A team of scientists is interviewing patients and gathering data in the Heinsberg district in order to identify possible causal links with pre-existing conditions and to use findings to formulate disease prevention recommendations for Germany and Europe as a whole.

The researchers, headed by virologist and Director of University Hospital Bonn’s Institute of Virology Hendrik Streeck, hope to gain insights into the infection history of the patients.

“A large number of people had been infected with the coronavirus in the administrative district of Heinsberg before it reached other locations in Germany,” NRW’s Chief Minister Armin Laschet explains. “This means that the Heinsberg region is the starting point – from here, important insights can be gained for the whole of Germany.”

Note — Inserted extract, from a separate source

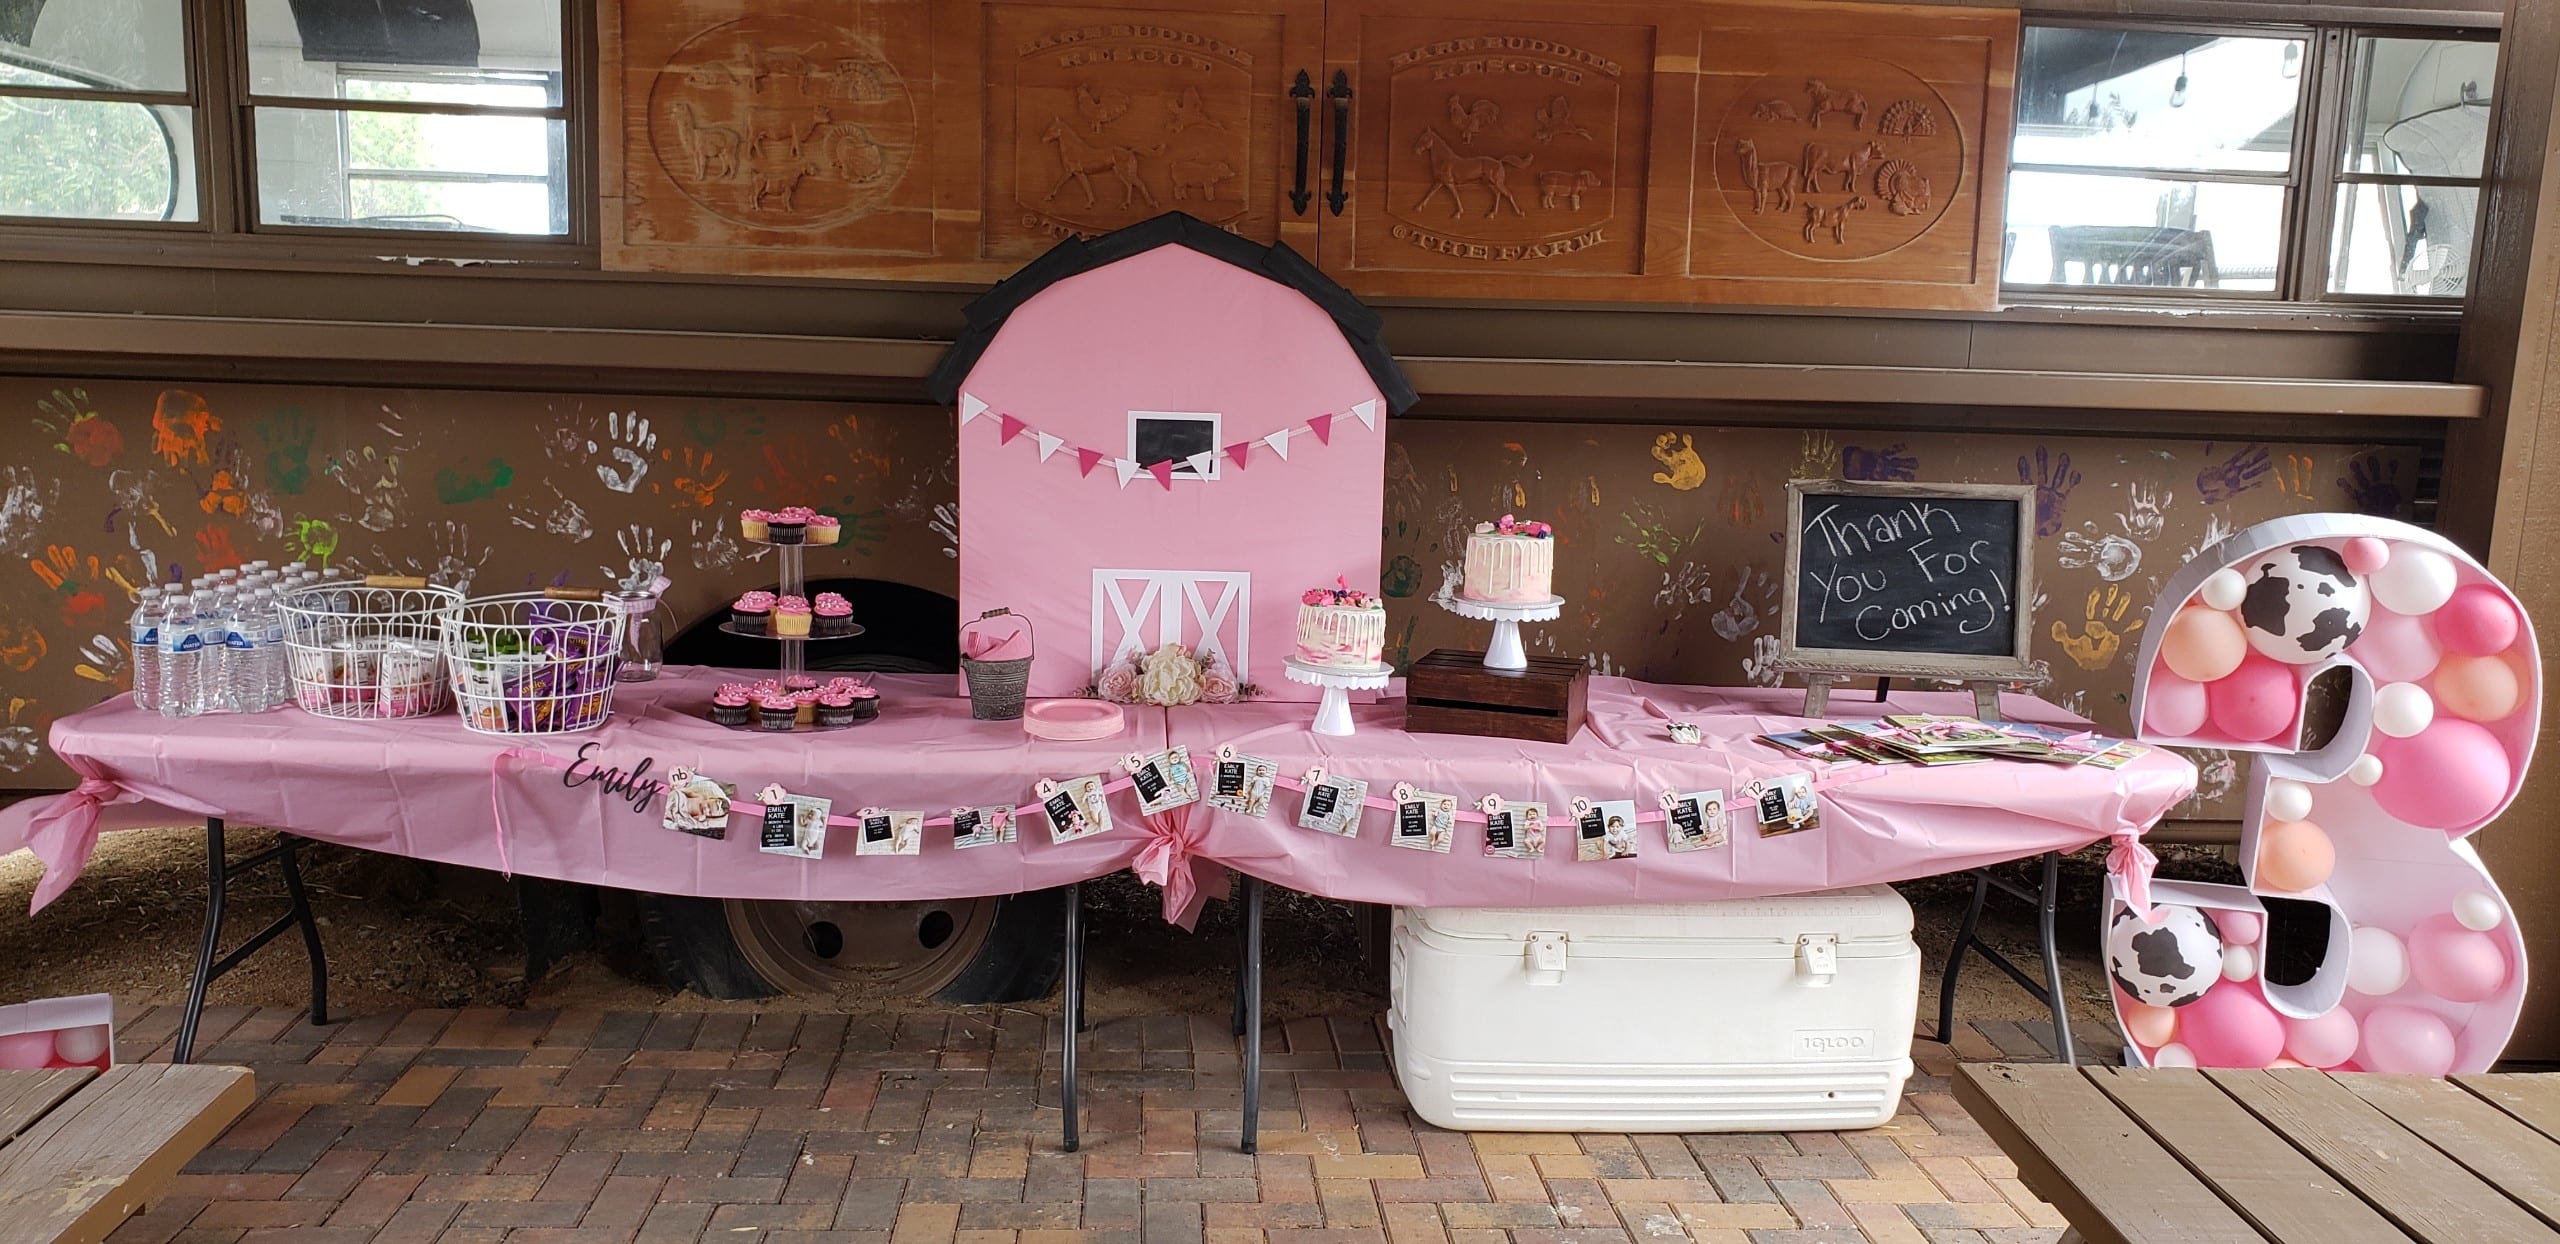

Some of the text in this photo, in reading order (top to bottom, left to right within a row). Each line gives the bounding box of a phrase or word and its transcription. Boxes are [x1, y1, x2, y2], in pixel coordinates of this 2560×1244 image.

A social distancing regime has been in place throughout the country since late March, and restaurants, pubs and cafes are closed, as are universities and schools. Curfews have also been introduced in some federal states.

The COVID-19 Case Cluster Study started on 30 March and is to cover a period of four weeks. Its objectives include estimating the number of unreported cases of infections and the number who have already recovered from the disease, thus establishing the scale of its impact. Already confirmed cases and households with family members in quarantine are being interviewed.

Virological diagnostics covering the patients’ environment as well as a questionnaire survey are to enable an assessment of whether tests already carried out have yielded correct results and how the virus can be transmitted via the air, surfaces, utensils, food and water. In addition, test persons are to be interviewed regarding preconditions and causal links such as travel, dietary habits or contact with animals. Ideally, this will enable recommendations on prevention for the whole of Europe.